= Evasion (law) =

Fundamental public policy doctrine

Evasion in law, is a fundamental public policy doctrine, which exists also in the conflict of laws.

==Definition==
Although one may legitimately plan affairs to avoid the incidence of obligations or liabilities imposed by the law, but no one may evade the operation of otherwise-mandatory provisions if duties and liabilities have been properly imposed or incurred.

It is a standard doctrine in most jurisdictions: in France, it is termed fraude à la loi; in Spain, fraude de ley; in Italy, frode alla legge; in Germany, Gesetzesumgehung. It reflects the need for governments to prevent their citizens from intentionally and improperly manipulating their behaviour to prevent mandatory provisions in the law from applying to them. As the translated names necessarily imply, the key is an intention to displace the normal operation of the legal system.

Sometimes, that intention is obvious. On other occasions, it is for the courts to decide whether a sufficient intention can be imputed. Once the intention is established, the evasive manoeuvre is void, and the normal legal provisions will apply to the parties.

==Taxation==
Almost all states operate a collection system for taxation revenues within a framework of law that is enforced by independent courts. Enabling statutes must be strictly applied, and it is generally against public policy to allow the tax administration to agree to reduce the amount of tax payable by any individual. Like criminal law in which agreements by the policing authorities to exempt a criminal are prohibited, tax law has a special status as being essential to an organised society in maintaining public trust through the policy of equal treatment in the legal system.

Nevertheless, a taxpayer who organises affairs to exploit a loophole in the law to avoid the incidence of tax liability will usually be permitted to do so. It is not for the courts to legislate and plug the gaps left by the legislature.

The test of avoidance is whether there is a legitimate purpose for the given behaviour.

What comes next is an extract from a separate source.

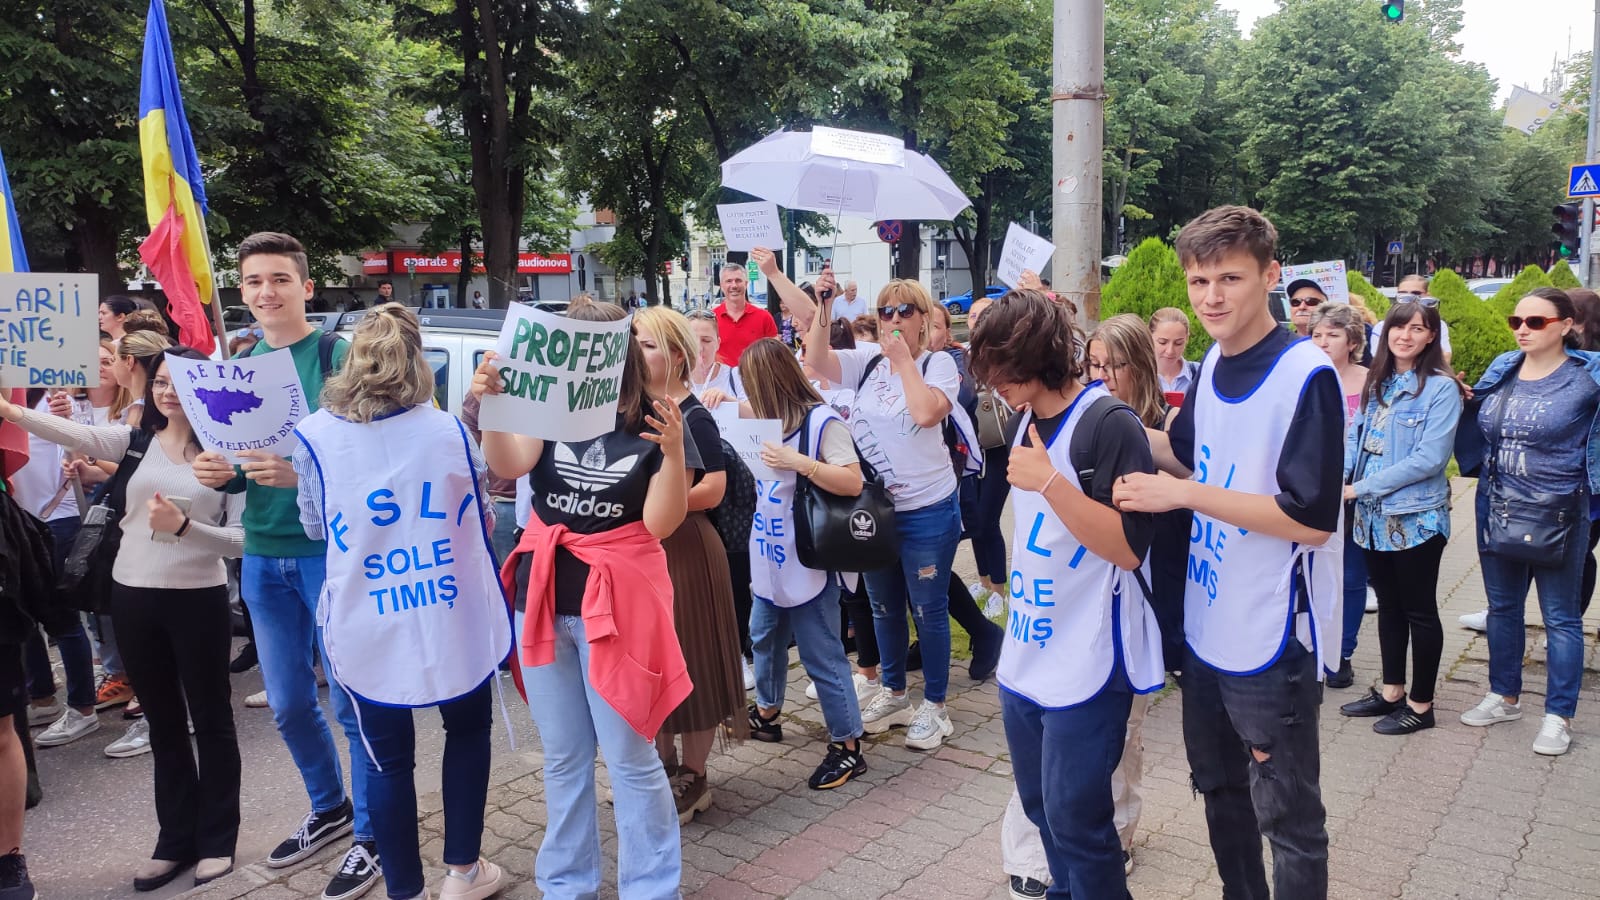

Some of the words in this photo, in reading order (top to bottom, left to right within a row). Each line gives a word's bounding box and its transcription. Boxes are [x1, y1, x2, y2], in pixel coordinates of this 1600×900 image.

Many states adopt a "business purpose" test, by decomposing the transaction into its component steps to determine the true purpose of the transaction(s) (see tax avoidance).

==Family law==
In Family law, the citizens of any state may not be allowed to evade rules like those on marriage by blood relatives or by persons of the same biological sex only by travelling to and going through a ceremony in a state that allows them. The policies underpinning such laws are so fundamental to the culture of a state that they acquire mandatory status (see nullity). The same applies to divorce.

An early case in France (under the civil law system), known as the Princess Bauffremont Affair decided by the Cour de cassation in 1878 [Civ. 18 mars 1878, S.78.1.193 (note Labbé)] saw the princess obtain citizenship in Germany to obtain a divorce there and then remarry. She returned to France where she attempted to re-establish herself. Because the divorce was not recognised in France, her remarriage was declared null as a fraude à la loi.

==Contract law==
In Contract law, as an exception to the principle of autonomy implicit in the policy of freedom of contract, the parties cannot agree to a voluntary agreement to evade obligations imposed by law or to prevent the courts from taking jurisdiction if a dispute arises.

Also, the courts will examine the entire context for any series of transactions that seeks to avoid the operation of law. Hence, if it is illegal to export particular goods from X to A, such a law cannot be evaded by entering into back-to-back agreements to export the goods first to Y and then to A.

Some laws are so fundamental that they can never be evaded. Thus, even though the contracts might be perfectly legal, they would be denied enforcement if the effect would be against public policy, such as the following:
- protection from unreasonable restraints of trade, such as agreements not to compete after terminating employment or selling a business must allow individuals a reasonable opportunity to earn a living.
- protection of family relationships: an agreement relating to the custody of a child and maintenance cannot exclude the power of a court to examine its terms and to judge whether it is in the best interests of the child.
- Prevention of the enforcement of contracts:
  - involving commission of a tort or crime;
  - inducing breach of fiduciary duties;
  - inducing a breach in a contract with a third party;
  - disclaiming liability for harm caused intentionally, recklessly or negligently (including liability for any misrepresentation). Liability for personal injuries arising from the use of products can be disclaimed only in rare circumstances (for example, if two merchants fairly bargain for it, and the product is experimental).
  - involving the waiver or release of entrenched rights: in the United States, the release of rights granted by the Age Discrimination in Employment Act of 1967, 81 Stat. 602, 29 U.S.C. § 621 will not be effective even if supported by consideration, except under the Older Workers Benefit Protection Act.

==Conflict of laws==
At either the characterisation or the choice of law stage, the most usual manipulation involves the way in which the connecting factors are pleaded as between the lex fori and the lex loci so that inconvenient local laws are evaded in favour of a "foreign" law.

==Detection==
Under US Drug Trafficking Vessel Interdiction Act, it is illegal to operate or embark in a submersible vessel or semi-submersible vessel without nationality on an international voyage with the intent to evade detection. That is curious because one of the required proofs of nationality is the documents issued under the 1958 Convention on the High Seas, a convention, which Congress has never acknowledged by ratifying.